# Garmin Huntview, ONXmaps gps chip, or ONXmaps phone app



## NVDuckin (Apr 18, 2016)

What are you guys using right now and how do you like it?

About to purchase one of these this week. I tried the ONXmaps 7 day trial and it was decent, but I really don't like paying subscription fees.


----------



## SidVicious (Aug 19, 2014)

I have a Garmin GPSMAP 64st and use the ONXmaps chip. I love it. I used it on a LE Elk hunt this year on a unit I had never set foot on, and it proved to be invaluable. The unit had portions of private and CWMU land and that chip let us know exactly where we were. Totally worth the money in my opinion. And there is not a subscription fee with the chip.


----------



## gdog (Sep 13, 2007)

If you buy a onxmaps product, use "randy16" as a discount code. For a single state phone/computer subscription, it takes $6 off and ends up being $23.99. They had a better discount code a month or so back...but this is the best I could find for now.

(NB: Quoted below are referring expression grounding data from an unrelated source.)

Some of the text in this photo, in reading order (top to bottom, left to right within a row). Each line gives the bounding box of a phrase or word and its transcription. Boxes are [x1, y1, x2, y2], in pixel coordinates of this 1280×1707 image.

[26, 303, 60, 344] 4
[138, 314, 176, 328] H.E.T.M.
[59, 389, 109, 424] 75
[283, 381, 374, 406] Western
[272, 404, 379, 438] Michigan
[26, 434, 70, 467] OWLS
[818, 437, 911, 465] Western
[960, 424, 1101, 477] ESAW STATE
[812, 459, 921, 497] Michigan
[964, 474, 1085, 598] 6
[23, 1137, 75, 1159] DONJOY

I have been using TraxGPS chips in my Garmin for the past few years and its worked well, but I think the phone based onxmaps will work better for me. Understanding you have to download the map areas to the phone before going out of cel coverage is a bit of a pain, but the detail and ease of using my iPhone 6S Plus with larger screen is a big bonus. Also, being able to use the program on a computer for pre-hunt planning is a big plus (which is included). The TraxGPS was around $80 for the chip and then you have to update every year for $30. The onxmaps subscription is $26 with the discount without the upfront chip fee.

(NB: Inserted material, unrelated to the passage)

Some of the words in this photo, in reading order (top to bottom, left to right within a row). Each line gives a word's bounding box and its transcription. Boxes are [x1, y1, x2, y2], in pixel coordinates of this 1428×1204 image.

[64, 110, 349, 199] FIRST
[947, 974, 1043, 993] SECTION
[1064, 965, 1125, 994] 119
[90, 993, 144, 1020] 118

I'm giving it a go to see how it compares...


----------



## bekins24 (Sep 22, 2015)

I'm not trying to take away from gdog's code, but if you use code "hush" for your app purchase it takes 20% off. So there is that for you if you decide to go that way.


----------



## NVDuckin (Apr 18, 2016)

bekins24 said:


> I'm not trying to take away from gdog's code, but if you use code "hush" for your app purchase it takes 20% off. So there is that for you if you decide to go that way.

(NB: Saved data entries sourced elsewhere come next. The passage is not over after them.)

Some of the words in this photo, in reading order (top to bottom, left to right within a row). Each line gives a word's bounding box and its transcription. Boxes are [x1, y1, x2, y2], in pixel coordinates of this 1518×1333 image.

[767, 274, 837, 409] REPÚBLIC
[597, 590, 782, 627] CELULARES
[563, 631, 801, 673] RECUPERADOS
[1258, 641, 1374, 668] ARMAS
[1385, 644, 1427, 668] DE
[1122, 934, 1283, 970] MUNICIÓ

Well, you talked me into it with that 20% off.


----------



## DallanC (Jan 13, 2009)

I used OnXMaps once and it failed me, couldn't get anything to show up once we lost internet access. I had previously cached the maps for the unit we were to be in.

I've looked long and hard for a good map app... with decent costs, and I've found one. Its called US Topo Maps Pro and costs $11... thats a one time cost. Best of all:

*** ALL MAPS ARE FREE IF YOU HAVE THE APP!!! ***

I love this app. You can cache off regions, saved on your SDCard of your phone, and caching is super duper simple. You zoom out until you can see the entire area you want to cache, enter the save map mode, and it will bring up a blue box. Drag corners around until it covers the entire area you are interested in, hit select and it will ask you how much detail you want to have (basically zoom factor), I always select the max, and it will go pull down ALL of the maps for that area. There are like 20 layers of things you can turn on and off... USGS, Topo, ownership... its all there.

You can import all kinds of map data as well, including DWR KML maps for unit boundrys. Used it today in Wyoming pronghorn hunting and it worked like a champ.

When you get to your spot, you can turn on the app and let it run and the GPS will build a trail of where you went, incase you get lost you can backtrack... or send the route to a friend or whatever. I've yet to find a downside to this thing... and it was only $11 !

https://play.google.com/store/apps/details?id=com.atlogis.northamerica&hl=en

OnXmaps generally has a favorable following, but I hate the yearly costs for maps... but worst of all, after forking out all the $$$ for the unit maps I needed, the **** thing failed me and wouldnt work.

-DallanC


----------



## SLCHunter (Dec 19, 2013)

So .... follow up: Are the OnXmap chip and the subscription completely separate products? The benefit of scouting on a computer screen before seems huge. Does the chip not enable that at all?


----------



## Oppertunist (Mar 24, 2017)

DallanC or others,
What is the equivalent to US Topo Maps Pro (Android based) for an iPhone?


----------



## ssssnake529 (Sep 11, 2016)

I use an android phone (Samsung Galaxy S7 Edge) with Backcountry Navigator.
Backcountry Navigator has some add ons that show hunt boundaries. 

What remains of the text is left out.